=== TASK OBJECTIVE ===
Should an entry contain an image, omit it and repeat the rest exactly.

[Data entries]
● ● ● ● ● ● ●

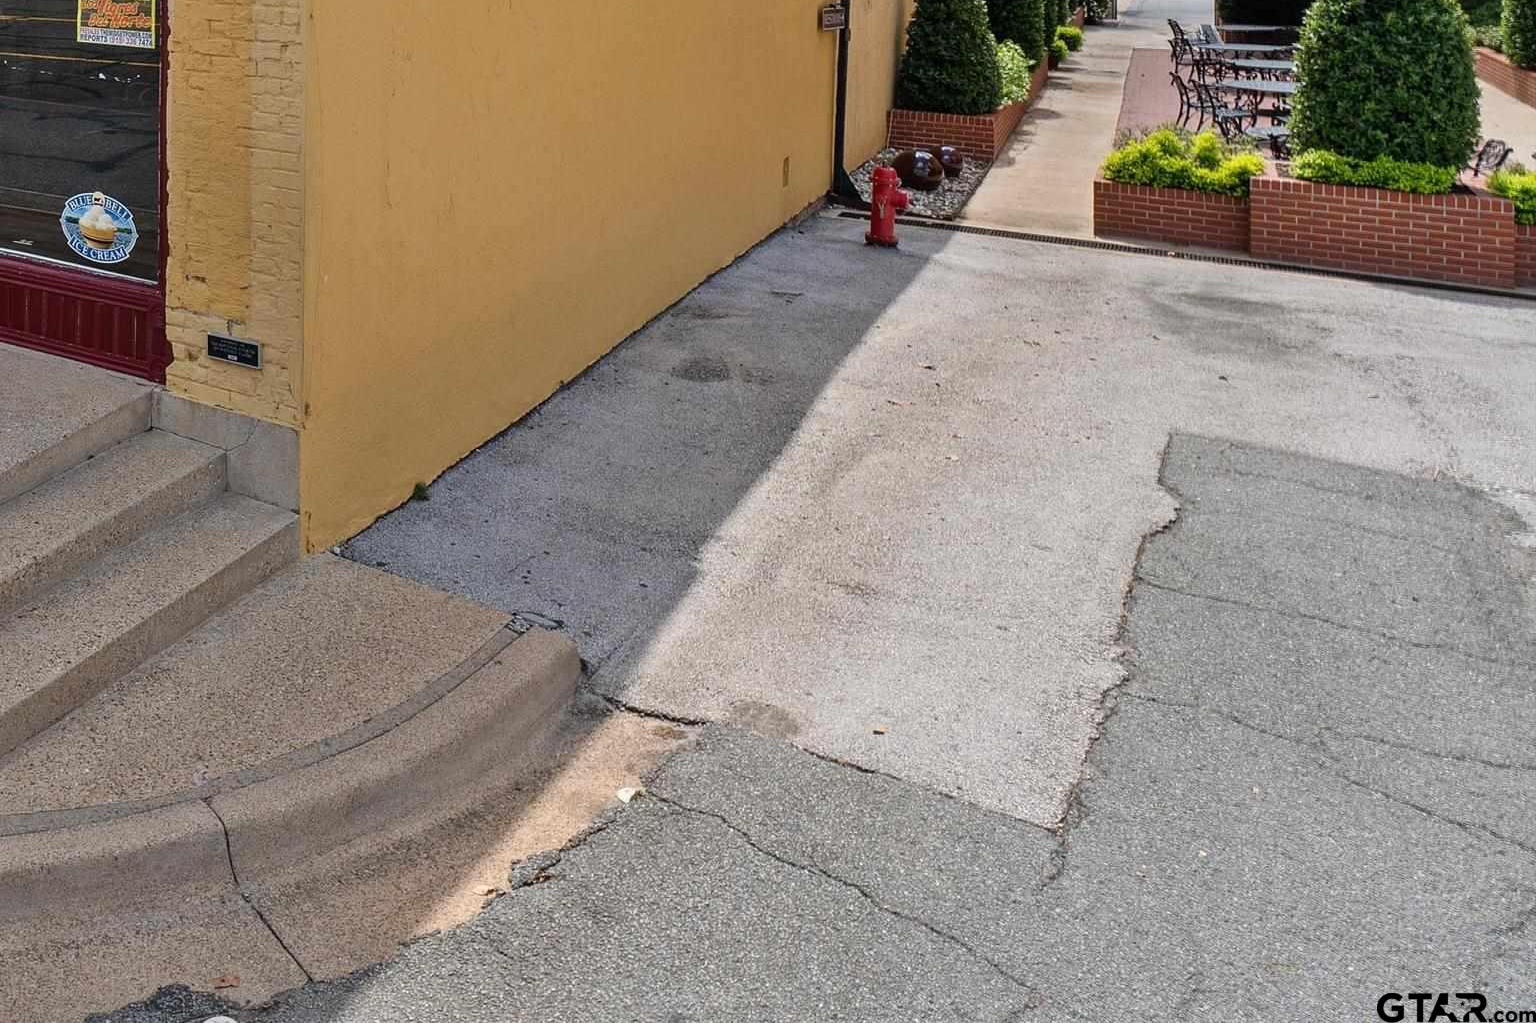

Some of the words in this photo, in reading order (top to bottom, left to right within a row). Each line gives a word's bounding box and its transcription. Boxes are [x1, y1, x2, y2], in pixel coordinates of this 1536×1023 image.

[69, 195, 93, 210] BLUE
[105, 199, 128, 219] BELL
[72, 239, 89, 256] ICE
[90, 247, 126, 261] CREAM

● ● ● ● ● ● ●

=== SOLUTION FOR THIS EXERCISE ===
Some of the words in this photo, in reading order (top to bottom, left to right within a row). Each line gives a word's bounding box and its transcription. Boxes are [x1, y1, x2, y2], in pixel coordinates of this 1536×1023 image.

[69, 195, 93, 210] BLUE
[105, 199, 128, 219] BELL
[72, 239, 89, 256] ICE
[90, 247, 126, 261] CREAM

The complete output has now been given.